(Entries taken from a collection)
- - -
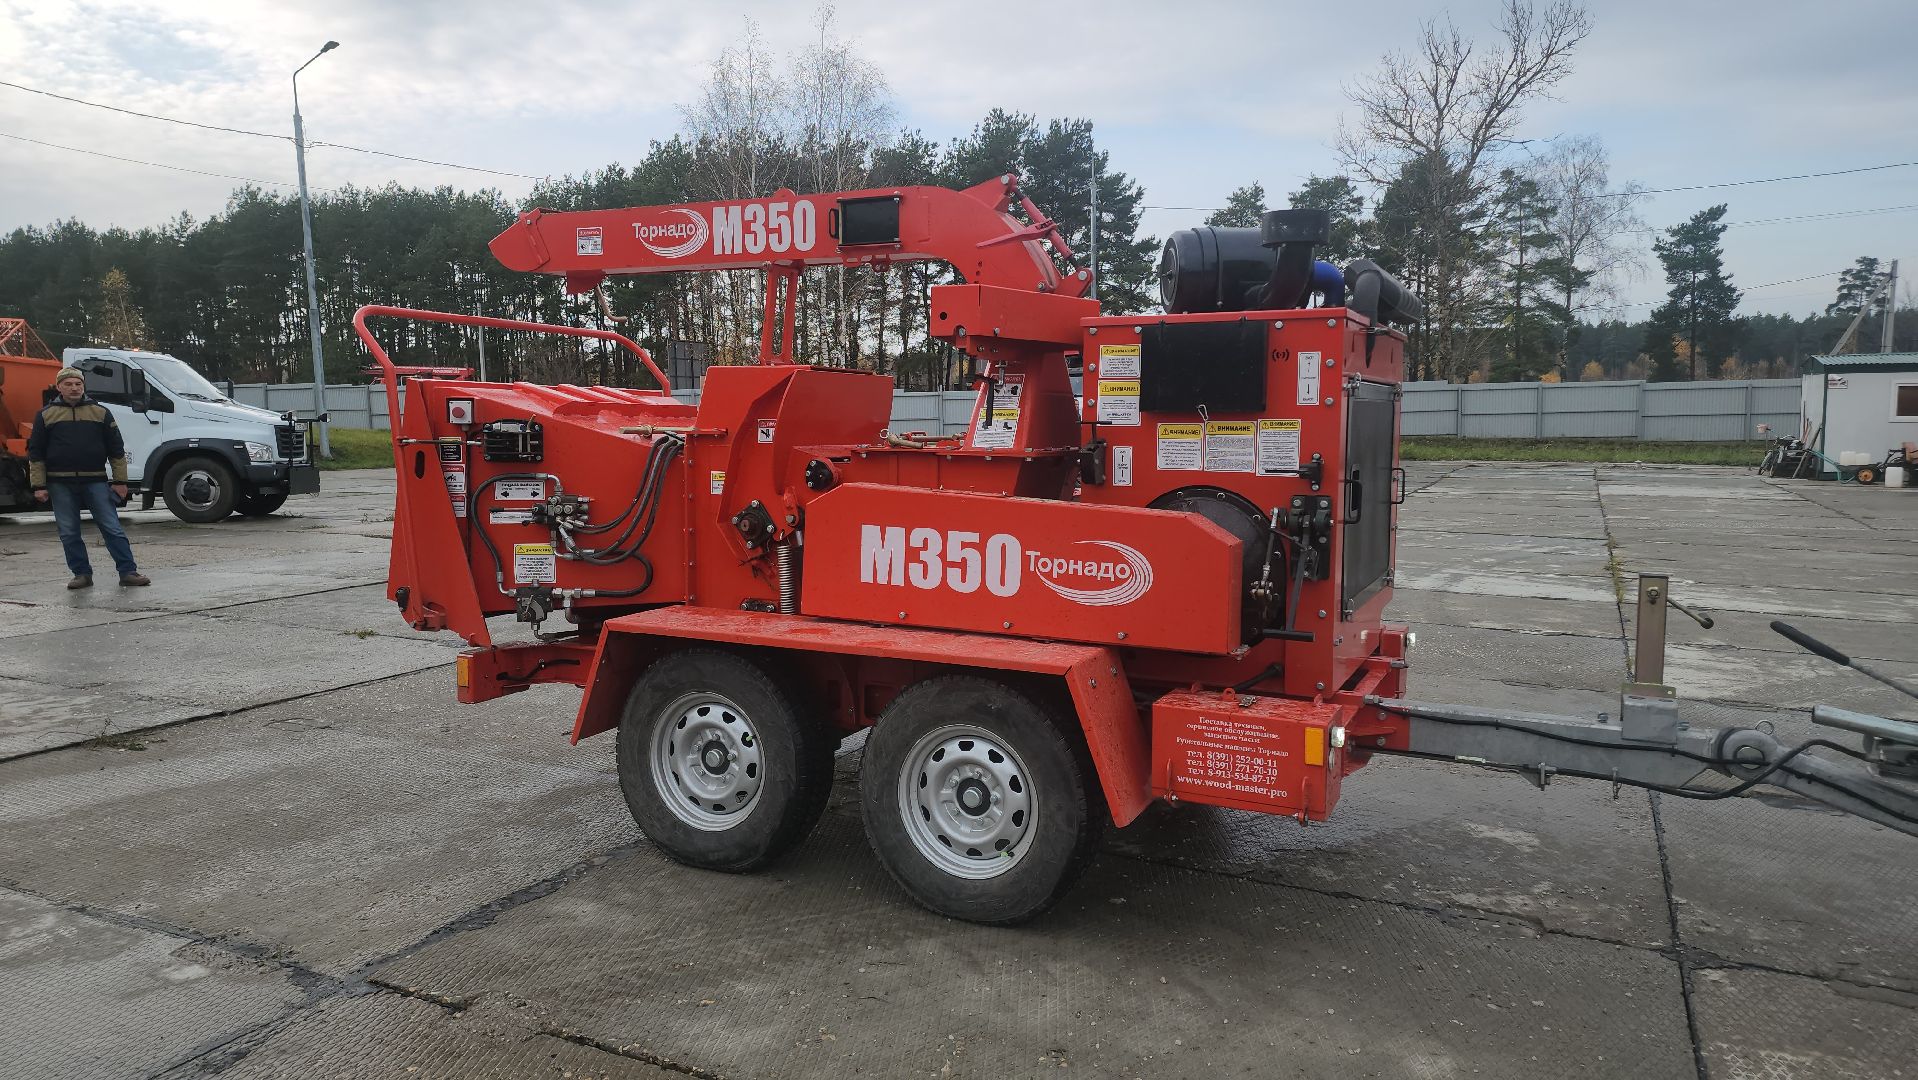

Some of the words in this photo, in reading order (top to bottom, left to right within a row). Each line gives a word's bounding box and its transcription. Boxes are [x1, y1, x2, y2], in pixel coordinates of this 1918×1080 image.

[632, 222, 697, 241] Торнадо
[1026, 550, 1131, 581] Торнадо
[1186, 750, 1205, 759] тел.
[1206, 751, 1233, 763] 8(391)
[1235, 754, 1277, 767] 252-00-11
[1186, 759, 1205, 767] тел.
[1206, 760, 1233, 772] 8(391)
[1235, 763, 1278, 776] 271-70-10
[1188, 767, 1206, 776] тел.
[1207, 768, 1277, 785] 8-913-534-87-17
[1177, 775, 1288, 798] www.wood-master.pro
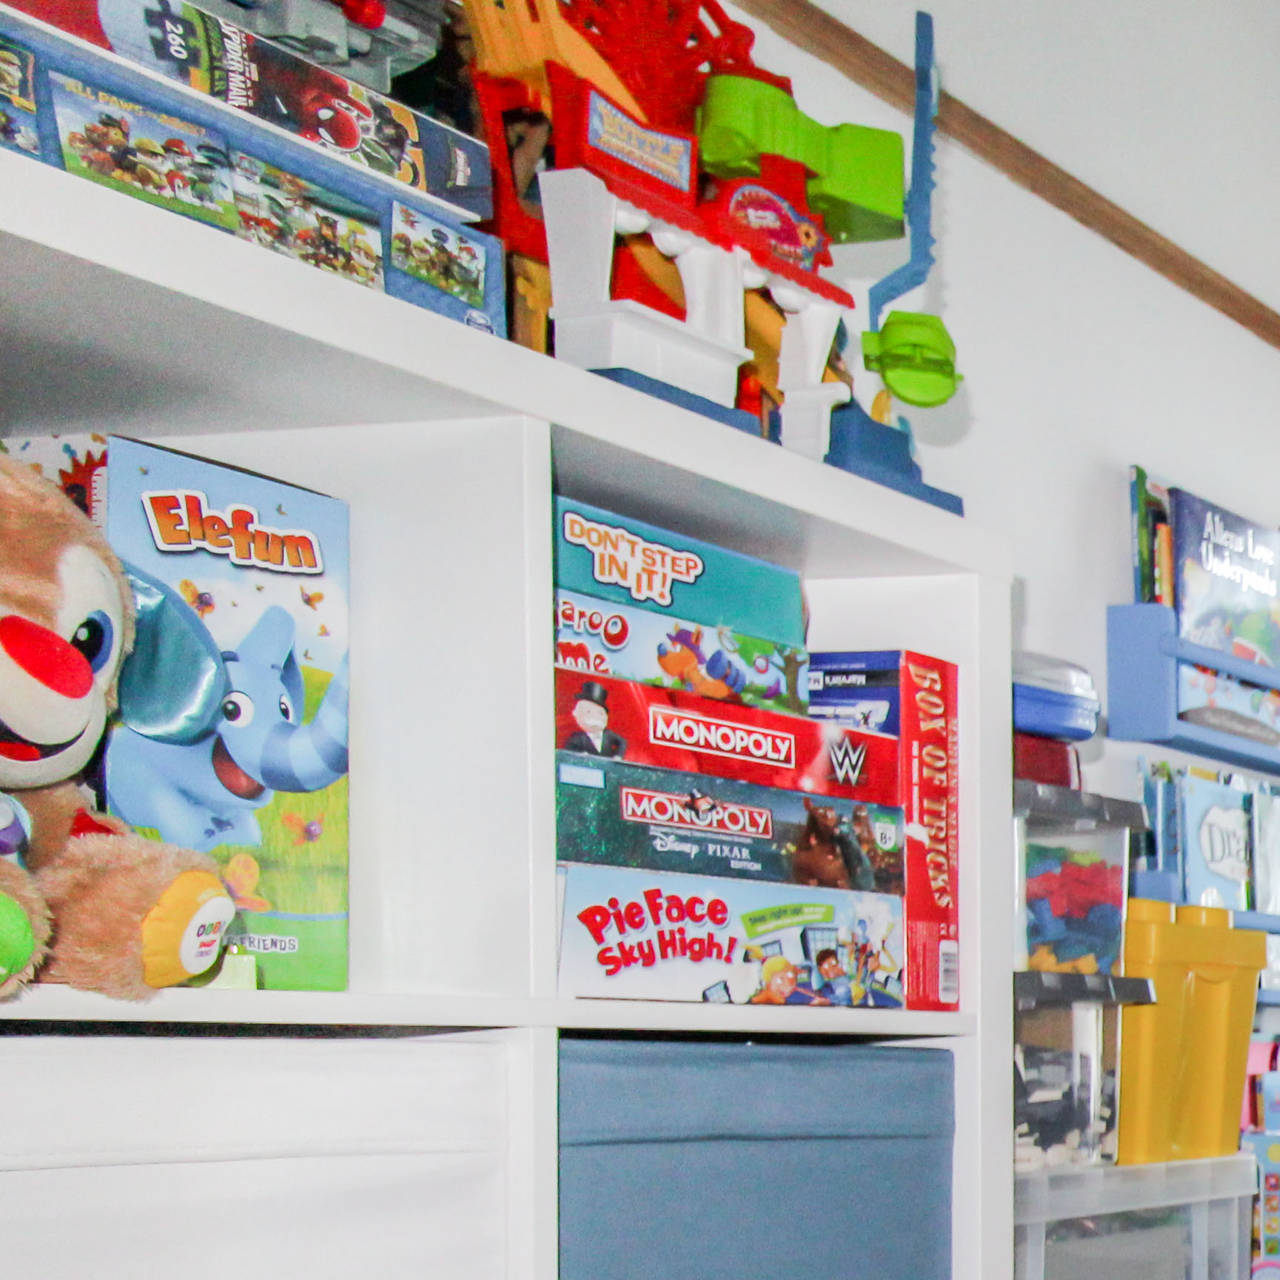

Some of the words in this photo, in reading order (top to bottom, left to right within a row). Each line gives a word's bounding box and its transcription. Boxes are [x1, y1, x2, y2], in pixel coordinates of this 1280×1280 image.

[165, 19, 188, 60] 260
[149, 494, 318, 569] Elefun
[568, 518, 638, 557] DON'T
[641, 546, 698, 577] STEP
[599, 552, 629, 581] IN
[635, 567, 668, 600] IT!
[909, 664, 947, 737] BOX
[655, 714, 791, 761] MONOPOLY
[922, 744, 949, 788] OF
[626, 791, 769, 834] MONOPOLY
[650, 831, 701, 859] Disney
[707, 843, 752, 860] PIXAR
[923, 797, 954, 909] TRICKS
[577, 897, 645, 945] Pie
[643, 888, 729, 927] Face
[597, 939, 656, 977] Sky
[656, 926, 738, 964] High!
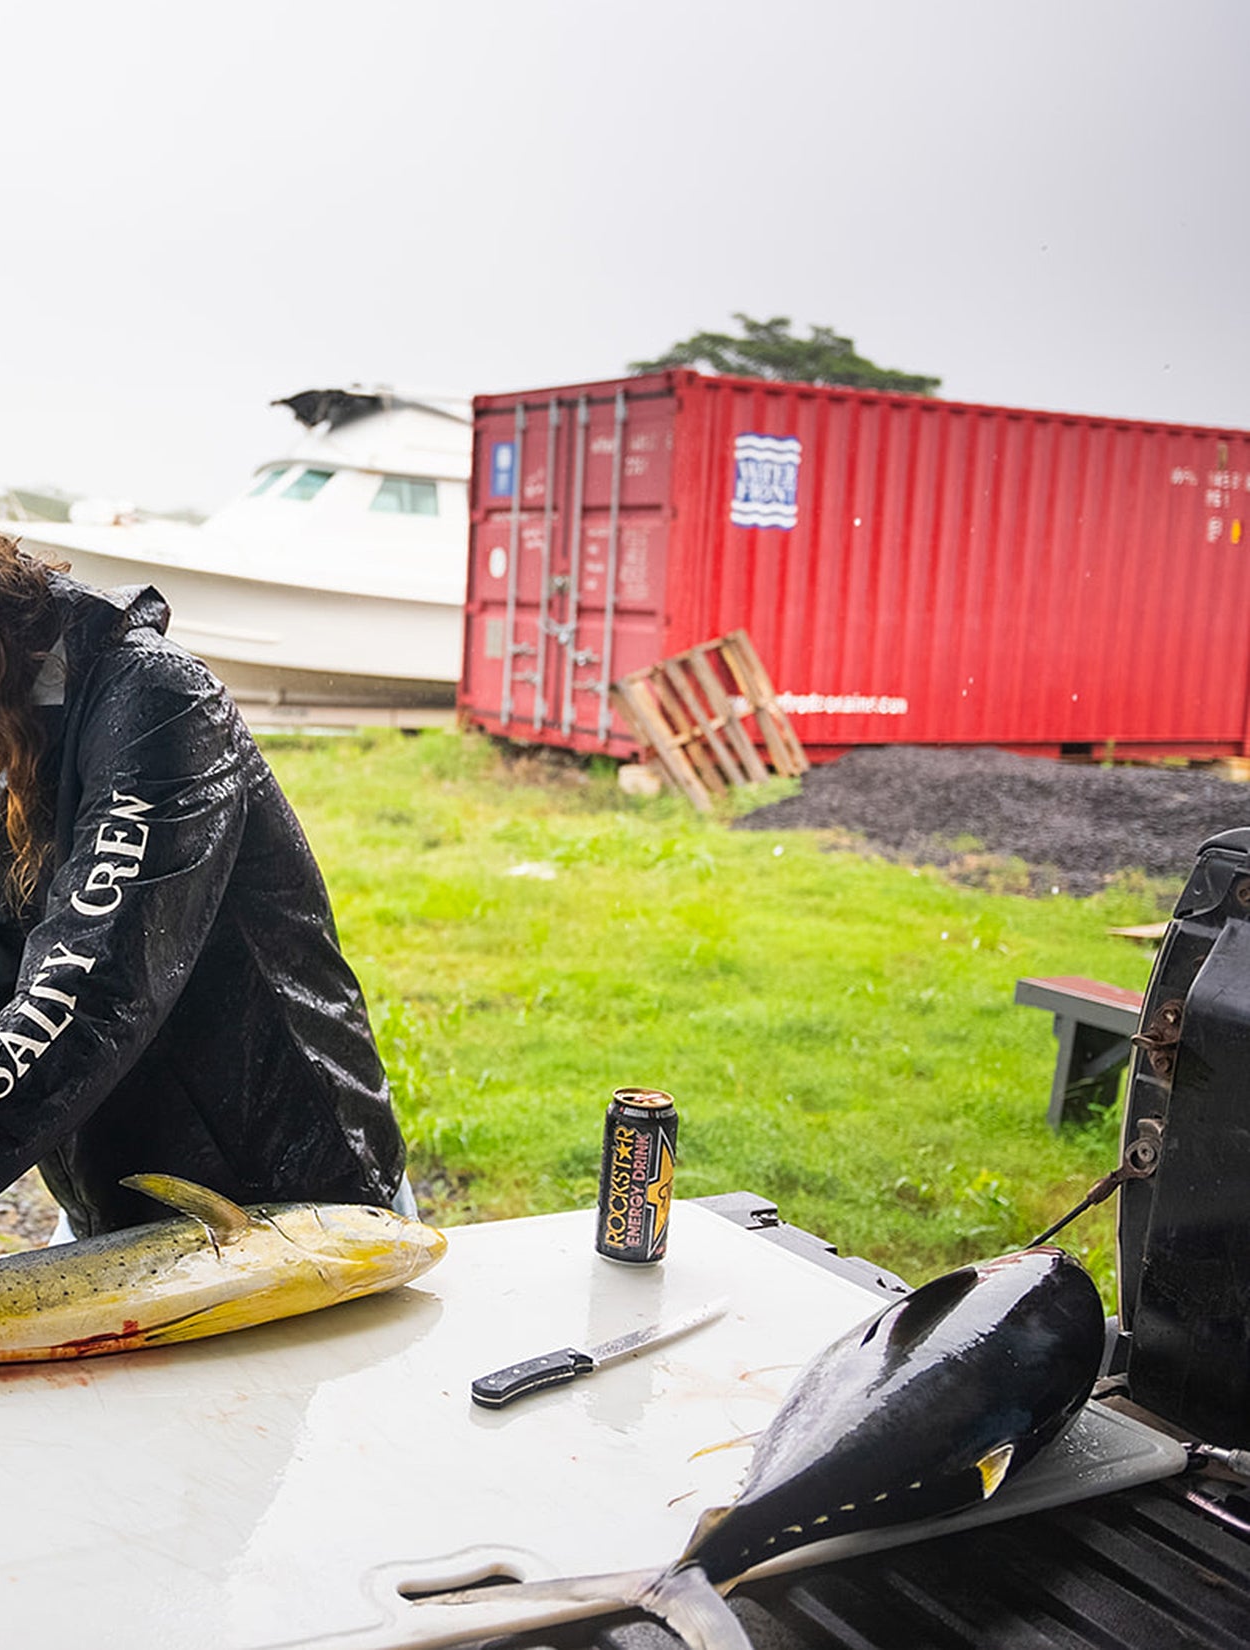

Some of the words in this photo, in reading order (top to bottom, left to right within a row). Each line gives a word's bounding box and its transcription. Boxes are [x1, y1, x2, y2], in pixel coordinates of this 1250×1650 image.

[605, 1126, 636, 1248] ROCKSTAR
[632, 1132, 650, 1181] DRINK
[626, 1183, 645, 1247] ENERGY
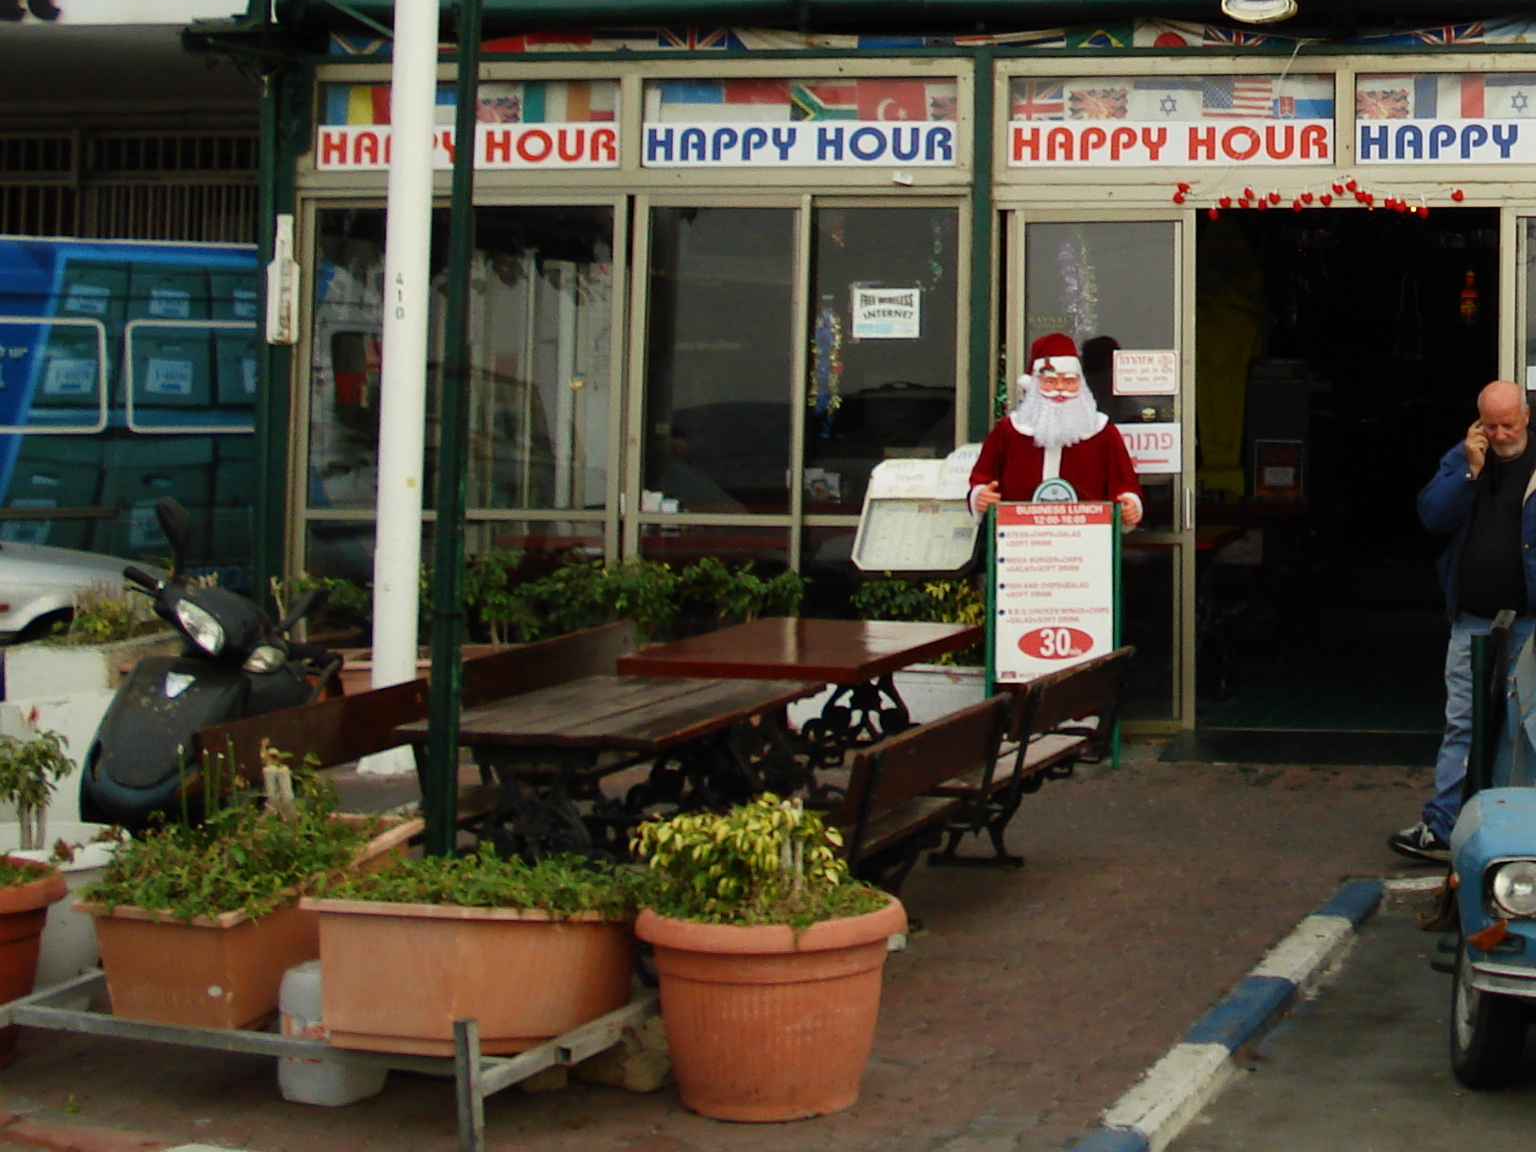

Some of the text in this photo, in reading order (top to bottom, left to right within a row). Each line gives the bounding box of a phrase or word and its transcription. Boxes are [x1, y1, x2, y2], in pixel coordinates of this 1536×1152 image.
- - -
# [The problem]
Give back all of the data exactly, but not the pictures.

# [Your response]
Some of the words in this photo, in reading order (top to bottom, left to right within a row). Each line gives a word's bounding box and its transcription. Boxes are [x1, y1, x2, y2], in pixel coordinates of this 1918×1080 image.

[632, 222, 697, 241] Торнадо
[1026, 550, 1131, 581] Торнадо
[1186, 750, 1205, 759] тел.
[1206, 751, 1233, 763] 8(391)
[1235, 754, 1277, 767] 252-00-11
[1186, 759, 1205, 767] тел.
[1206, 760, 1233, 772] 8(391)
[1235, 763, 1278, 776] 271-70-10
[1188, 767, 1206, 776] тел.
[1207, 768, 1277, 785] 8-913-534-87-17
[1177, 775, 1288, 798] www.wood-master.pro

Some of the words in this photo, in reading order (top to bottom, left to right within a row). Each line gives a word's bounding box and its transcription. Boxes are [x1, y1, x2, y2], in pixel coordinates of this 1280×1280 image.

[165, 19, 188, 60] 260
[149, 494, 318, 569] Elefun
[568, 518, 638, 557] DON'T
[641, 546, 698, 577] STEP
[599, 552, 629, 581] IN
[635, 567, 668, 600] IT!
[909, 664, 947, 737] BOX
[655, 714, 791, 761] MONOPOLY
[922, 744, 949, 788] OF
[626, 791, 769, 834] MONOPOLY
[650, 831, 701, 859] Disney
[707, 843, 752, 860] PIXAR
[923, 797, 954, 909] TRICKS
[577, 897, 645, 945] Pie
[643, 888, 729, 927] Face
[597, 939, 656, 977] Sky
[656, 926, 738, 964] High!

Some of the words in this photo, in reading order (top to bottom, left to right within a row). Each line gives a word's bounding box and its transcription. Boxes are [x1, y1, x2, y2], in pixel coordinates of this 1250×1650 image.

[605, 1126, 636, 1248] ROCKSTAR
[632, 1132, 650, 1181] DRINK
[626, 1183, 645, 1247] ENERGY

Some of the text in this photo, in reading order (top to bottom, left to right within a row). Each line gives the bounding box of a phrase or word and its transcription. Boxes are [x1, y1, x2, y2], in pixel coordinates of this 1536×1152 image.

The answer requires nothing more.